McAuliffe Open To Destroying Gilmore’s Legacy; Raising Your Taxes

mcauliffe

McAuliffe, a McLean resident and former chairman of the Democratic National Committee, said that he would not raise taxes while the economy is in a recession. “You don’t raise taxes in a down economy,” he said.

So what ever happened to that guy?

In the wake of reckless spending, a botched Medicaid expansion effort that created a crisis and then magically resolved it with the stroke of a pen (good ol’ executive orders… how did democracy ever work without ’em?!) only to turn around and find Virginia on the brink of recession — Governor Terry McAuliffe has a plan.

Rob Peter.  Pay Paul.

The method to the madness?  Roll back Virginia’s car tax relief, the cornerstone of former Governor Jim Gilmore’s conservative legacy and a popular relief program hailed as a model for Virginia campaigning.  McAuliffe is cited as being “open” to the idea, but that’s all code for “yeah, let’s make that happen.”

It’s no secret why the tax-and-grab crowd wants the tax hike.  No crisis should go to waste, and a $322 million budget gap is a great opportunity to steal from local governments to pay for state largess — a practice known in many localities as “local aid to the Commonwealth” as a derisive reversal of state aid to localities, roughly defined as any monies cut to local governments to aid in their operation (e.g. education).

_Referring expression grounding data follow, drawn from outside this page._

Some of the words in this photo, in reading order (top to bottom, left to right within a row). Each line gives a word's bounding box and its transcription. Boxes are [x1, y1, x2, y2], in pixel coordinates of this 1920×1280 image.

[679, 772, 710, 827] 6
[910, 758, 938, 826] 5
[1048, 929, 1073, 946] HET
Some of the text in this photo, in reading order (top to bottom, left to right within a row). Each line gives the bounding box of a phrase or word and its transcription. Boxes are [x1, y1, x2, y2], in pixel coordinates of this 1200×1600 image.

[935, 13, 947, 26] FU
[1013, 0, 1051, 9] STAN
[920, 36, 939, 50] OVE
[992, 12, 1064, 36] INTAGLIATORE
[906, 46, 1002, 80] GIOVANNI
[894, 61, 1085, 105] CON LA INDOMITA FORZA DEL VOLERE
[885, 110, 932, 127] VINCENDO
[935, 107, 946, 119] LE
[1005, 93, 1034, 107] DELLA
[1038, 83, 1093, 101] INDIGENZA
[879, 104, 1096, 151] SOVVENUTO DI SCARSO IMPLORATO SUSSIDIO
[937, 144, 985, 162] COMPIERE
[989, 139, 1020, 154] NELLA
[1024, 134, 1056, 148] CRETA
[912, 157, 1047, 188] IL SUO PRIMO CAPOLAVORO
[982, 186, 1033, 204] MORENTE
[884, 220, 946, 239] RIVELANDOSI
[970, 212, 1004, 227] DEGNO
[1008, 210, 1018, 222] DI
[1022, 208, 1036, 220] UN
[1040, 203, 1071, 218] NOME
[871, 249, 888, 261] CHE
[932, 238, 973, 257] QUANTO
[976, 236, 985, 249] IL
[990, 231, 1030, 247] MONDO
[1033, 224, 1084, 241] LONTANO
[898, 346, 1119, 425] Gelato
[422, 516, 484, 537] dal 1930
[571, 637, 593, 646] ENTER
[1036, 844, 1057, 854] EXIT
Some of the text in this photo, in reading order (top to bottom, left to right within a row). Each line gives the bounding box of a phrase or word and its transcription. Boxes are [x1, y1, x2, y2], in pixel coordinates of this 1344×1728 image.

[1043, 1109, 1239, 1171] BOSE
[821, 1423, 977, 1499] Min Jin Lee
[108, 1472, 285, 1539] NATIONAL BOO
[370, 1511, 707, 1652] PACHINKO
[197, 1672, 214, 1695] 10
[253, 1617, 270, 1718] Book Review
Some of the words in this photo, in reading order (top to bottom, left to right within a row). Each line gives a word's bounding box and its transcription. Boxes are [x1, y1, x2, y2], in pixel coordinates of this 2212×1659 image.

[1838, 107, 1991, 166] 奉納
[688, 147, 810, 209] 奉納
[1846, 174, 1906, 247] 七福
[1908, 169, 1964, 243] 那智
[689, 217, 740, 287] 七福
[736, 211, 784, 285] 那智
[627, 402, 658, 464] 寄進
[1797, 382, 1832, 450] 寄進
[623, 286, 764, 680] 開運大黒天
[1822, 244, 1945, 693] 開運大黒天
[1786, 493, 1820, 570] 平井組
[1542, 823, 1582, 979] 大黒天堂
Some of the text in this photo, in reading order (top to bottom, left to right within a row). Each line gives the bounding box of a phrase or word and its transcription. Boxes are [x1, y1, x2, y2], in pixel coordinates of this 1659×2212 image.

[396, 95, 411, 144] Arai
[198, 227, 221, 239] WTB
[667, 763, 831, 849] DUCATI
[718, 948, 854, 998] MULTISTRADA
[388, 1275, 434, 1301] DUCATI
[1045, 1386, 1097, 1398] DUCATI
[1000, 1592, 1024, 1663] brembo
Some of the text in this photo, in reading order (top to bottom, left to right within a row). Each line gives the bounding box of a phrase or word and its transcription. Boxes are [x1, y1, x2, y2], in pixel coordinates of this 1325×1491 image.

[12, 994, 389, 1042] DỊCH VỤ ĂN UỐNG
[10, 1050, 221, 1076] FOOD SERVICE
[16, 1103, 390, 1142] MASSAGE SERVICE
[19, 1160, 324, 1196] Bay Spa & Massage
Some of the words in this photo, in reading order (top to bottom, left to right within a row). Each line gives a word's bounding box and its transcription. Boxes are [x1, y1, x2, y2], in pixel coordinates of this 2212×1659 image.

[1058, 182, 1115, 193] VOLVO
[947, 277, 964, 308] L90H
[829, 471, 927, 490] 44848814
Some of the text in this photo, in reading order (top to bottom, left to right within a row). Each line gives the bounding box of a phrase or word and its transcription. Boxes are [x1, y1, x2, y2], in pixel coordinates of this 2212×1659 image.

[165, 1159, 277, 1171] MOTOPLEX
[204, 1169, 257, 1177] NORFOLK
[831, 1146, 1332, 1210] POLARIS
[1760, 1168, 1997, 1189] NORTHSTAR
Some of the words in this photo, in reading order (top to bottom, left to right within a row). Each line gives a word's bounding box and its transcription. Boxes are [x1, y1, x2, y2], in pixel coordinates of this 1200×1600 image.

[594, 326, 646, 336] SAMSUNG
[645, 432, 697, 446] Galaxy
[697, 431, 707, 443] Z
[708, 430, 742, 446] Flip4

Never mind for a moment that education is a state responsibility, enshrined in the state constitution, where the state is mandated to provide a free and quality education across the Commonwealth.  The bottom line here is that McAuliffe and the tax-grabbers have one objective in mind: rollback the car tax, grab what they can now, and force local governments to raise their real estate taxes in response.  After all, every locality is a political subdivision of the Commonwealth — so localities and working families just gotta do more with less.

Of course, the Richmond Times-Dispatch has something to say about that:

In short, the notion that the commonwealth is short of funds — and that the car-tax cut bears much of the blame — is nonsense. What’s more, Virginia just enacted a tax hike as part of a major transportation package. The state gasoline tax is set to rise again soon as a result. And members of the General Assembly already want even more?

The car-tax cut is not the only one they’ve been eyeing. Some have set their sights on the land-preservation tax credit. Again, there are good policy reasons to revisit all such tax breaks. It might even make sense to eliminate them — but only if lawmakers lower general tax rates at the same time, to make the changes revenue-neutral. The last thing taxpayers need in this economy is another hit to their wallets.

In the coming days you will hear legislators complain about how much the tax breaks cost the state. Such a mindset reveals the root of the problem. Lawmakers think of tax relief as an expense they have to meet. To the citizens they ostensibly serve, however, a tax cut doesn’t cost money — it saves them money. Legislators forget that point at their peril.

Ask any local elected official — “local aid to the Commonwealth” this year has been a punch to the throat. For Richmond to even consider scaling back property tax reimbursements to localities means one thing and one thing alone: regressive tax hikes on working families. How much longer before we have to hear about “devolution” of state transportation again?

Let’s face it — the slow dismantling of the legacies of Governor Allen and Governor Gilmore is on in earnest. Local governments shouldn’t have to land on these types of grenades… and McAuliffe is probably the least capable person to understand the relationship between Richmond and her localities (or worse, he does understand it but simply doesn’t care).

The real solution involves a lot more political backbone than the governor and his tax hiking ciphers (thank you, D.J. McGuire) are willing to offer.  Everyone knows the relationship between Richmond and her localities is antiquated and broken.  Everyone knows that school funding is the constitutional responsibility of the Commonwealth of Virginia.  Everyone knows that the property tax is one of the most regressive forms of taxation known to mankind.  Everyone knows that Richmond’s litany of unfunded mandates on localities only complicates these matters — and that a good number of them can and ought to be removed.

…but who cares when there’s an opportunity to move on a crisis?

Throwing money at the problem doesn’t work.  Reform does.  Until there is some sort of meaningful structured reform that benefits Virginia’s working families, there’s not a reason in the world the General Assembly ought to budge on the car tax reimbursement.

After all, even Terry McAuliffe knows you shouldn’t raise taxes in a down economy.  Just ask Terry McAuliffe.